Preah Sihanouk Raja Buddhist University
- Established: 1954
- Founders: Huot Tath
- Affiliations: Buddhism in Cambodia
- Academic staff: 48
- Total staff: 82
- Students: 500
- Location: Preah Sisowath Quay, Phnom Penh, Kingdom of Cambodia 11°33′49″N 104°56′03″E﻿ / ﻿11.563508153817473°N 104.934169615344°E

= Preah Sihanouk Raja Buddhist University =

Buddhist university in Cambodia

Preah Sihanouk Raja Buddhist University (Note: ពុទ្ធិកសាកលវិទ្យាល័យព្រះសីហនុរាជ, UNGEGN: Pŭtthĭkâsakâlôvĭtyéaloăy Preăh Seihânŭréach, ALA-LC: Buddhikasākalavidyālăy Braḥ Sīhanurāj) is a non-profit public higher-education institution located in the metropolis of Phnom Penh in the Kingdom of Cambodia.

== History ==
=== Creation of the first Buddhist University in Cambodia by King Sihanouk ===
Preah Sihanouk Raja Buddhist University was founded on 1 July 1954 as the continuation of the Pali school founded in Phnom Penh in 1914. The university was founded under the royal patronage of King Norodom Sihanouk, then the King of Cambodia. It was the first educational institution providing higher Buddhist education to monk students and the third oldest Buddhist University in the world. Its first Rector was Venerable Huot Tath. The latter had suggested to the King that Buddhist education being reorganized after the country regained national independence on 9 November 1953.

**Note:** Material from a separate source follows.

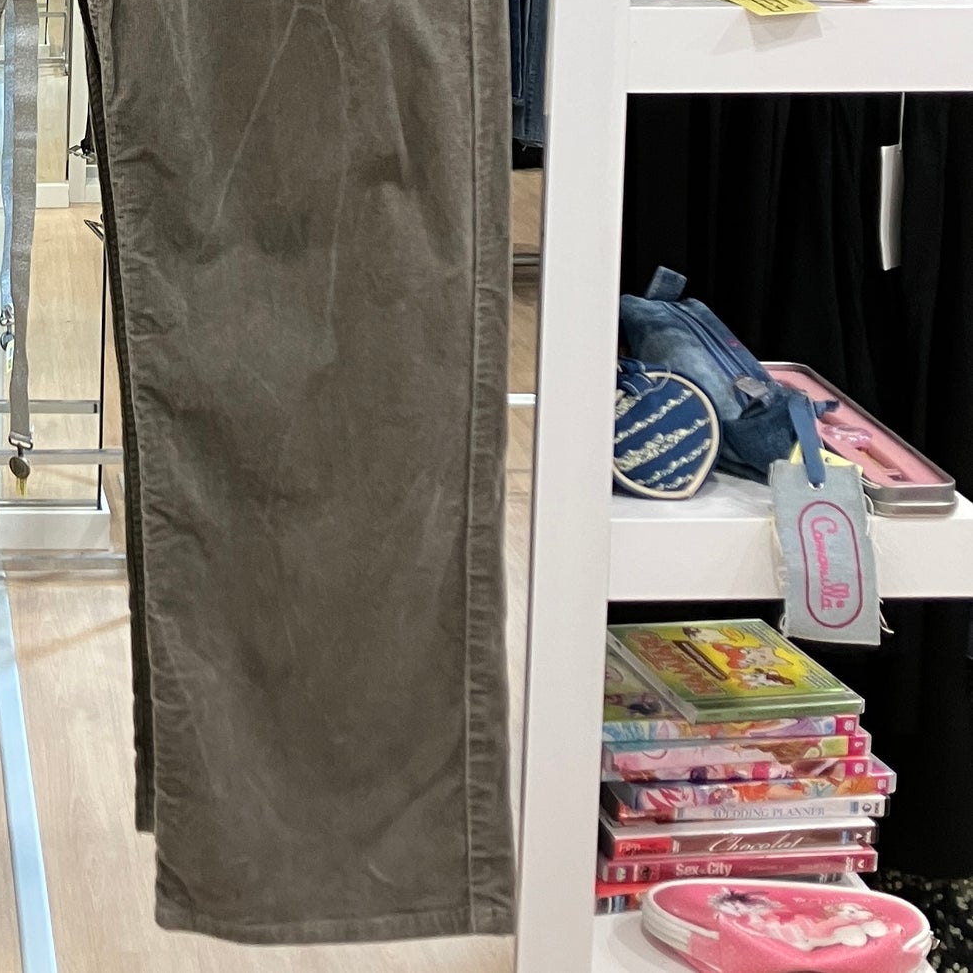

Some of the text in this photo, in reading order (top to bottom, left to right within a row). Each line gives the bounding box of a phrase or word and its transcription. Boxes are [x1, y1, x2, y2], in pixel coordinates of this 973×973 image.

[772, 807, 825, 817] PLANNER
[709, 833, 804, 852] Chocolat
[676, 863, 700, 876] Sex
[707, 861, 733, 877] City

Admission was limited to only 40 students for each academic year, essentially male Buddhist monks.

Teachers and students of the university like Pen Saeun joined the Tripitaka Translation Commission translating Pali Tripitaka into Khmer language undertaken by the Buddhist Institute, Phnom Penh, was completed in total in 1969.

=== Closure and destruction during Khmer Civil War and Khmers Rouges ===
While the number of students constantly increased until reaching 200 students in first year in 1972 after the entrance examination was abolished, lack of funding during the Khmer Civil War led to the university being closed down in 1972. During the terror regime of the Khmers Rouges between 1975 and 1979, the university suffered severe damage and most of its faculty was killed.

=== Re-establishing the University with the return of democracy ===
The present structure of the university started in 1996, when it was re-established after the return to democracy in Cambodia. The university began by offering the Buddhist upper-secondary education, and proceeded to offer bachelor's degree in 1999.

The university created the Faculty of Education Science in 2002.

=== Recognition as an official university ===
On January 23, 2006, Preah Sihanouk Raja Buddhist University was upgraded by a sub-degree of the Royal Government of Cambodia to be a full-fledged university, with the addition of two more Faculties and a Center.

In 2007, a teacher in political philosophy at the university called Tieng Narith was sentenced to prison for publishing and teaching from his own anti-government textbook.

In 2008, the university only had 10 academic staff while three times as many teachers were recruited from other institutions to serve as replacement, affecting the quality and the stability of the teaching.

== Structure ==
Currently the Buddhist University consists of four Faculties and a Center as follows:
- Faculty of Philosophy and Religions
- Faculty of Education and Information Technology
- Faculty of Khmer Literature
- Faculty of Pali-Sanskrit and Foreign Languages
- Center of Teacher Training

Each faculty is headed by a Dean and Deputy Deans. It consists of a few Departments.

At present, there are 35 non academic staff members and 48 academic staff members.

== Campus ==
This institution also has its main campus in Phnom Penh but it also owns branch campuses in the following locations: Kampong Cham, Battambang.